Erfolglosigkeit wird Pagelsdorf vorgeworfen, denn in der jungen Bundesliga-Saison hat er aus sechs Spielen erst fünf Punkte holen können. Zu wenig, um sein Versprechen halten zu können, der HSV werde am Ende unter den ersten fünf zu finden sein. Der frühe Rauswurf ist dennoch ein wenig unfair. Denn das Team des HSV trug in den sechs Begegnungen nie die Handschrift des Trainers, sondern war vom Können der Mannschaftsärzte und Physiotherapeuten abhängig. Leistungsträger wie Barbarez oder Cardoso sind verletzt. Auf der anderen Seite ist genau dies die Crux. Aus den Spielern, die Pagelsdorf in seinen gut vier Amtsjahren in den Volkspark geholt hat, ließen sich fast fünf komplette Mannschaften bilden. Darunter waren Fehlverpflichtungen wie Josip Simunic und, absoluter Tiefpunkt, Martin Zafirov. Der Bulgare absolvierte zwei Spiele, sah die Rote Karte und musste den Verein nach vier Wochen wieder verlassen. Andere Verpflichtungen wie der tschechische Nationalspieler Milan Fukal oder der aus Schottland zurückgekehrte Jörg Albertz – mit zehn Millionen Mark Ablöse teuerster HSV-Einkauf aller Zeiten – brachten bislang noch nicht die Leistung, die man von ihnen erwartete. Nicht zuletzt auch weil er immer wieder Leistungsträger wie Hasan Salihamidzic, Nico Kovac oder Jörg Butt ziehen lassen musste, ist es Pagelsdorf nie über einen längeren Zeitraum gelungen, ein harmonierendes Team zusammenzustellen.

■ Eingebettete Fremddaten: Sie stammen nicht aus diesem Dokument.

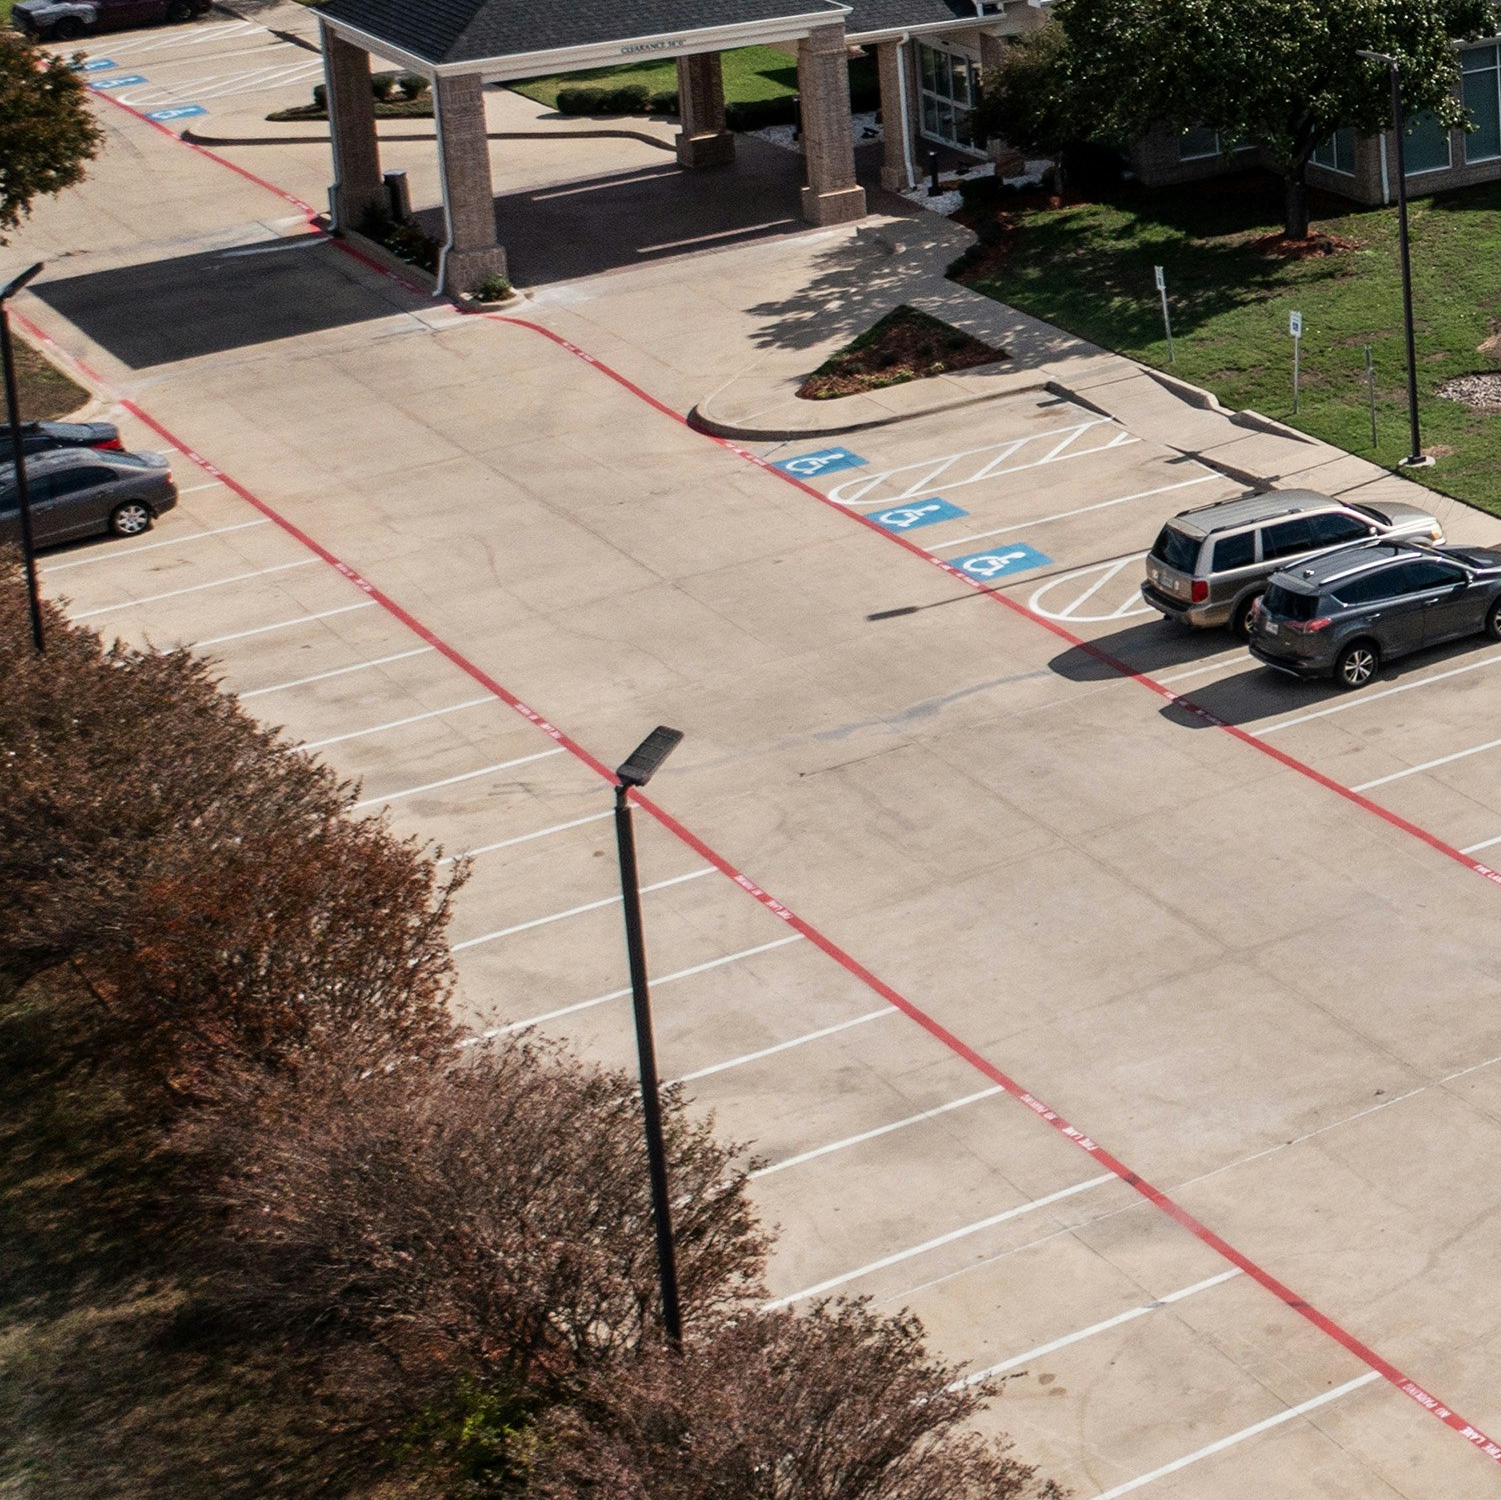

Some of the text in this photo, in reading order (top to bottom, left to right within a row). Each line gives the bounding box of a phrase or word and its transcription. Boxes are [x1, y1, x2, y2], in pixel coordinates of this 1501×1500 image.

[1402, 1382, 1439, 1409] PARKING
[1435, 1407, 1452, 1418] NO
[1459, 1425, 1487, 1444] LANE
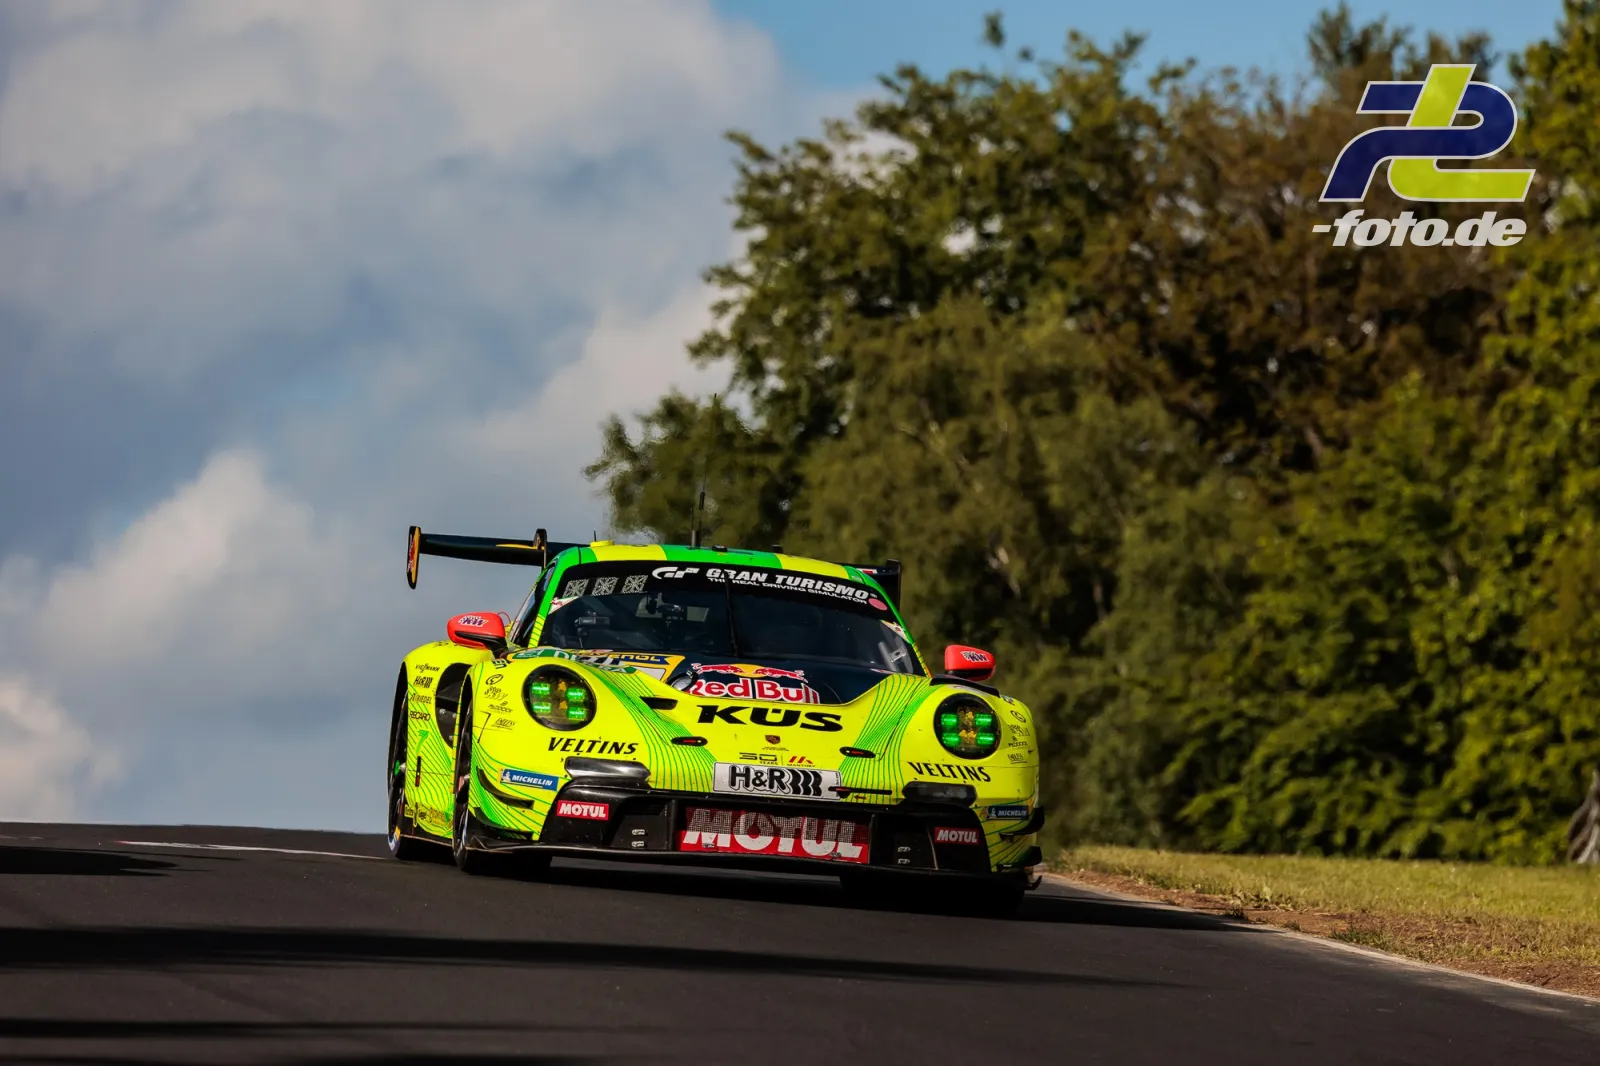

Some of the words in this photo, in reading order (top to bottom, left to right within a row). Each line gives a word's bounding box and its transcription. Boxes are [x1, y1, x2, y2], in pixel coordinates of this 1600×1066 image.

[706, 568, 766, 584] GRAN
[775, 574, 869, 600] TURISMO
[732, 579, 760, 587] REAL
[762, 582, 807, 593] DRIVING
[807, 588, 868, 605] SIMULATOR
[754, 679, 820, 705] Bull
[697, 704, 843, 732] KÜS
[547, 737, 638, 755] VELTINS
[511, 774, 553, 787] MICHELIN
[729, 765, 788, 793] H&R
[907, 762, 991, 783] VELTINS
[558, 803, 606, 818] MOTUL
[997, 809, 1028, 817] MICHELIN
[682, 808, 863, 858] MOTUL
[936, 829, 978, 843] MOTUL
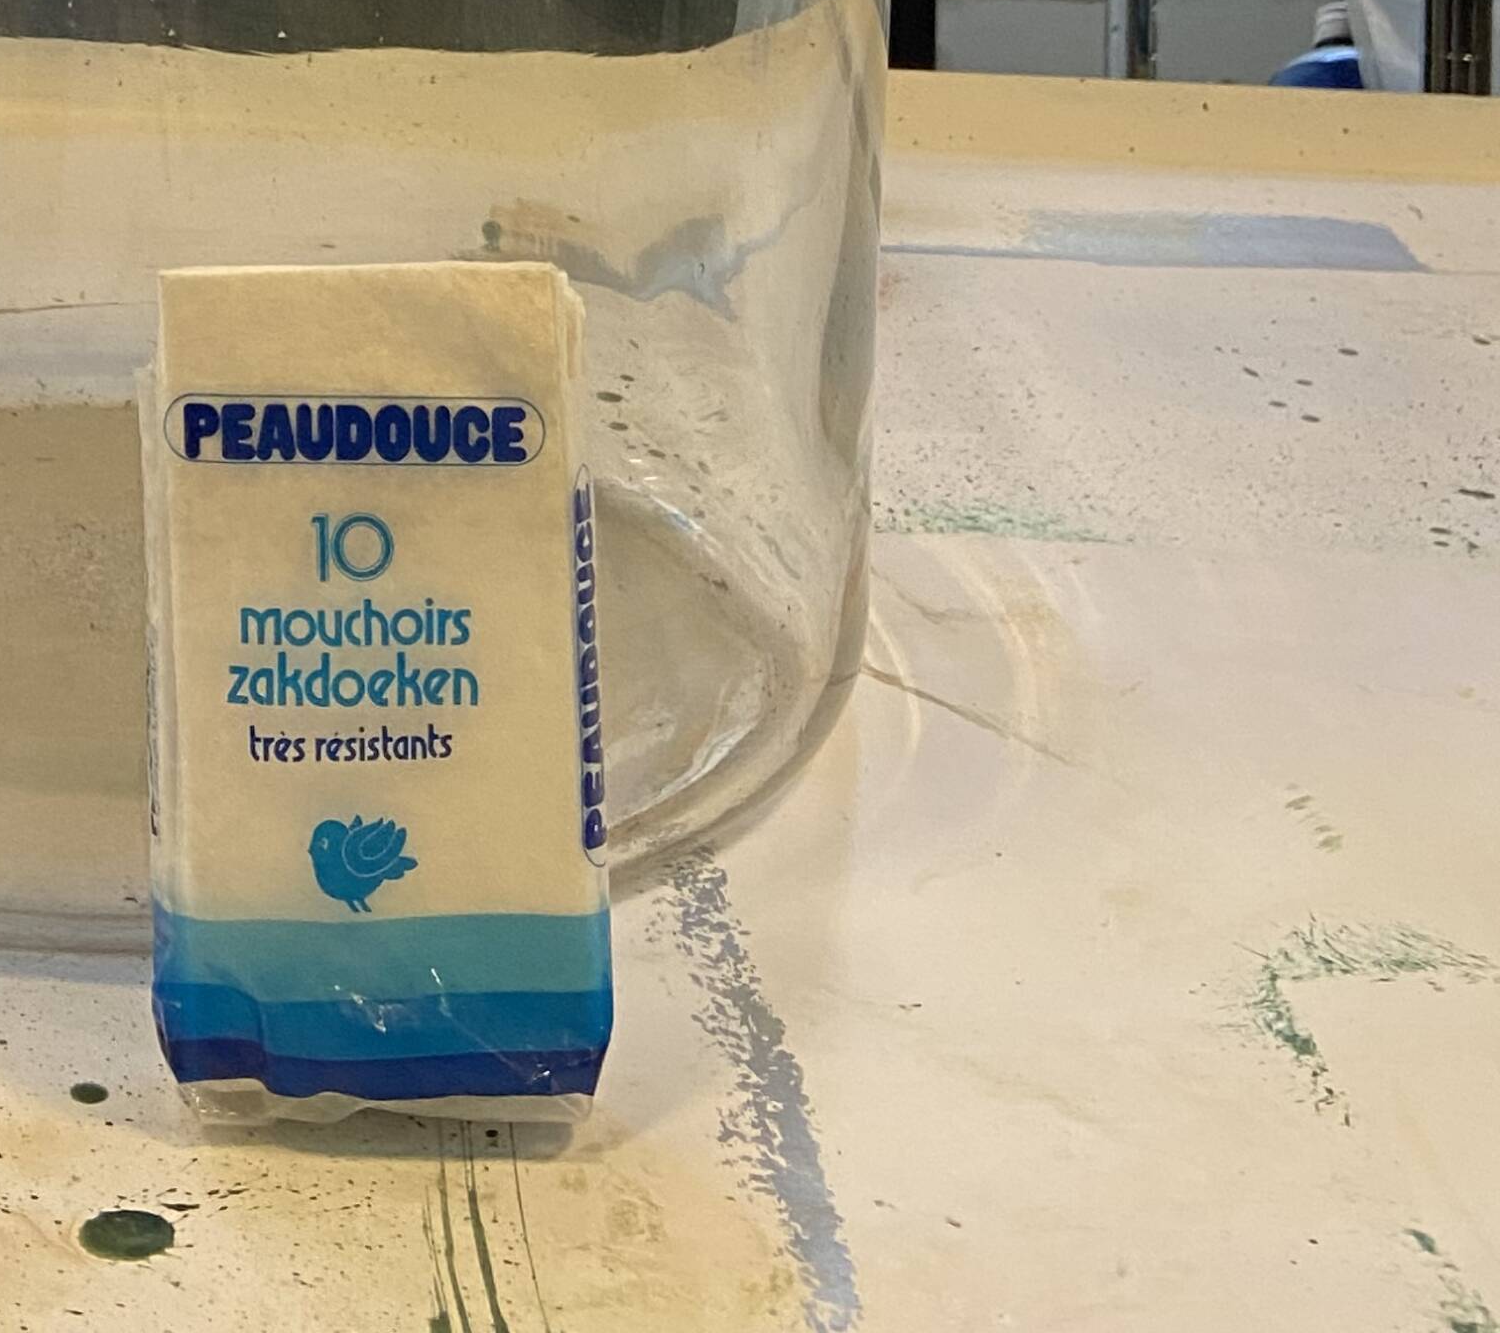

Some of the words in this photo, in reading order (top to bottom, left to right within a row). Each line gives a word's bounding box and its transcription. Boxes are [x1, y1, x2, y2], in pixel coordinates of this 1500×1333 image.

[183, 402, 528, 463] PEAUDOUCE
[311, 513, 395, 582] 10
[240, 598, 472, 647] mouchoirs
[227, 652, 479, 708] zakdoeken
[249, 725, 306, 763] très
[315, 723, 453, 763] résistants
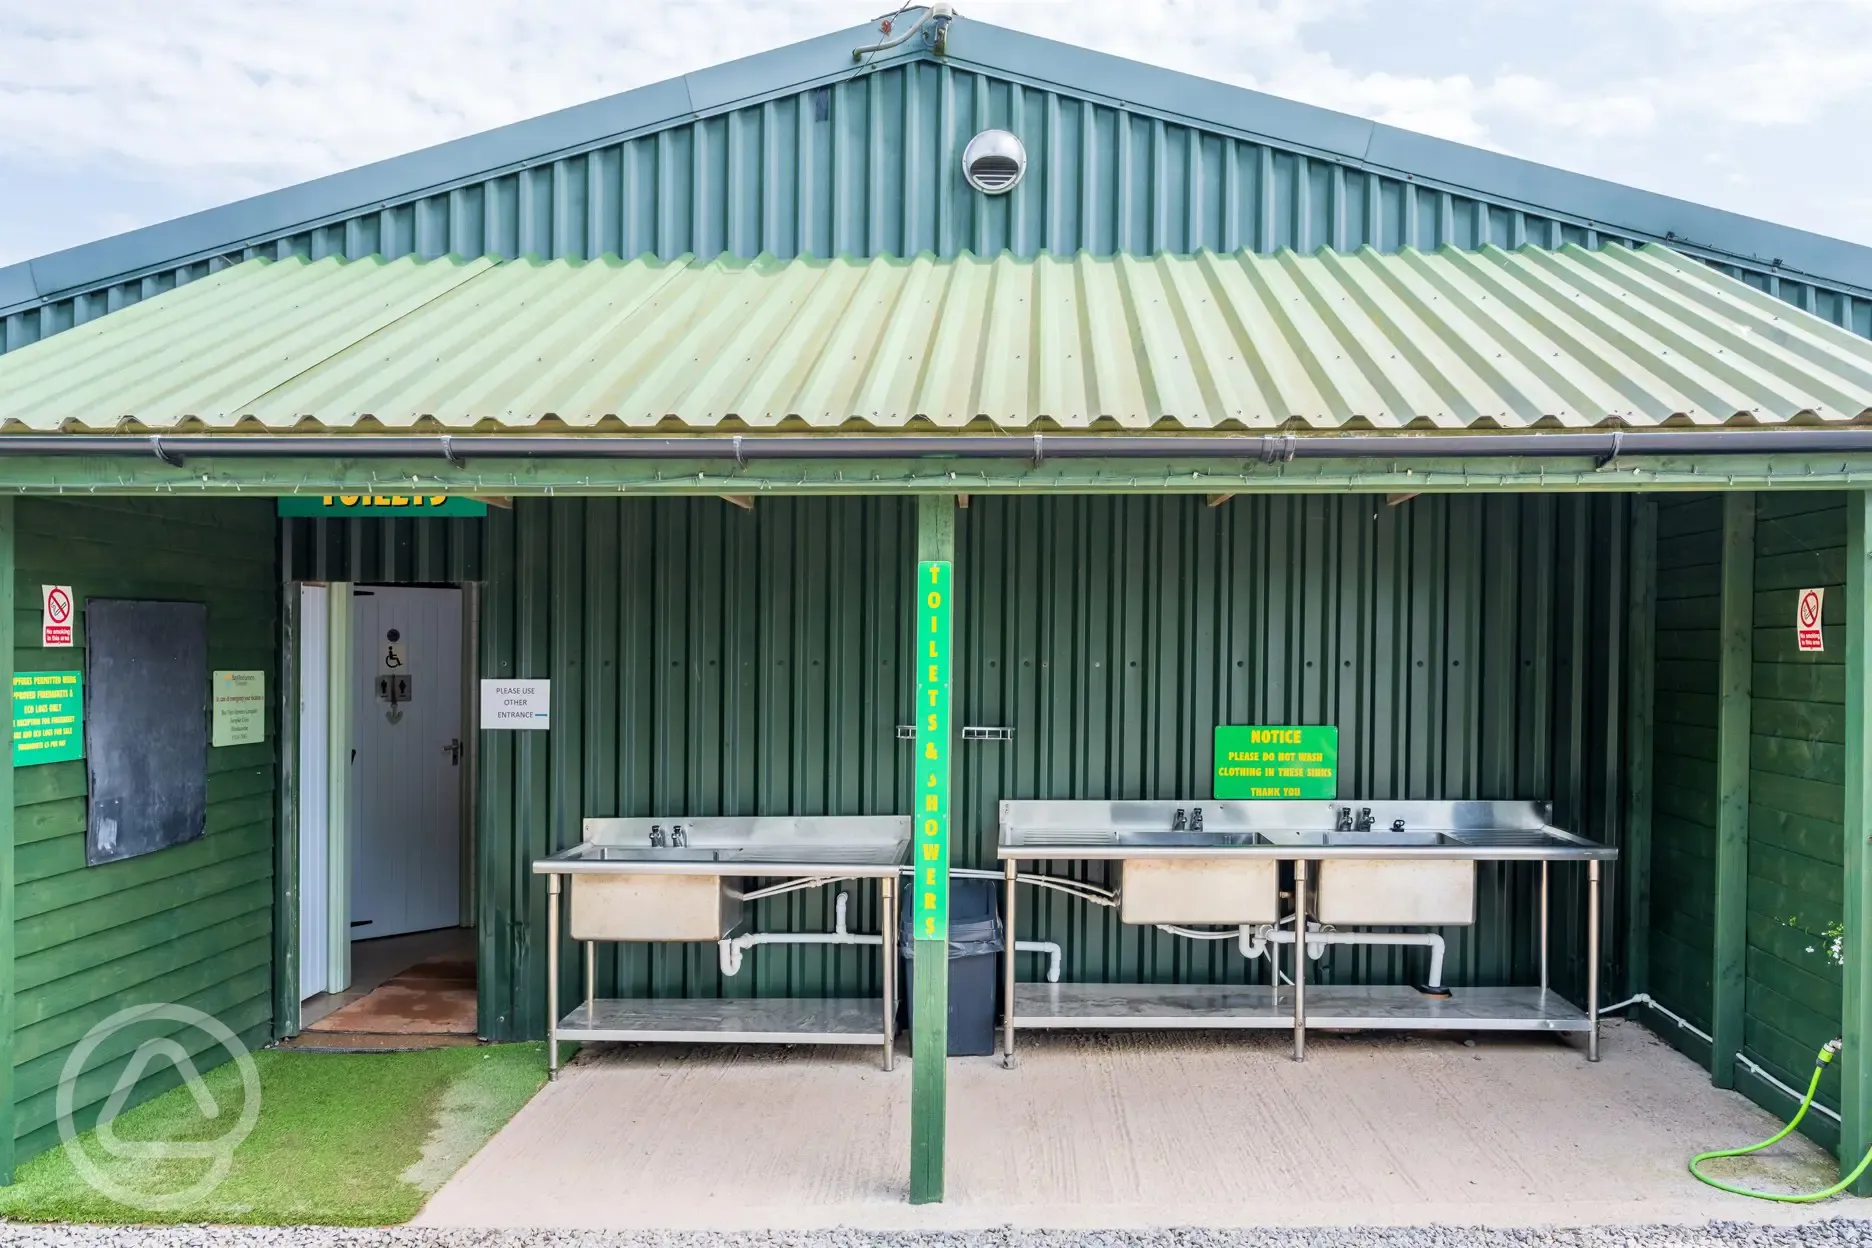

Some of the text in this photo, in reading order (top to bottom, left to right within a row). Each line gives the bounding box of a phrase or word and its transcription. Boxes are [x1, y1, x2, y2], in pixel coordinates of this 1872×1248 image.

Doch die Krise des HSV ist eine strukturelle. Nach dem Einzug in die Champions League in der vergangenen Spielzeit war für die Hanseaten die Zeit reif, endlich wieder im Konzert der Großen mitzuspielen. Dass im Volkspark das erste Stadion einer neuen Generation von Fußball-Arenen in Deutschland gebaut wurde, tat ein Übriges: Da musste sich doch der Erfolg von alleine einstellen.

Zu lange wurde die Wahrheit verdrängt: dass das Team einige Monate am oberen Limit spielte, im Grunde aber bis heute zum Mittelmaß und nicht in die Spitzengruppe der Bundesliga gehört. Nun geht die hektische Suche nach einem Nachfolger los. Kevin Keegan, der in der Hochzeit des HSV Ende der Siebziger zu den Publikumslieblingen gehörte, zählt zum engeren Kreis der Kandidaten, ebenso Ivica Osim, derzeit noch bei Sturm Graz unter Vertrag, oder Uwe Rapolder von Waldhof Mannheim, der Kontakte bereits bestätigte. Vorerst jedoch wird Sportdirektor Hieronymus das Training leiten.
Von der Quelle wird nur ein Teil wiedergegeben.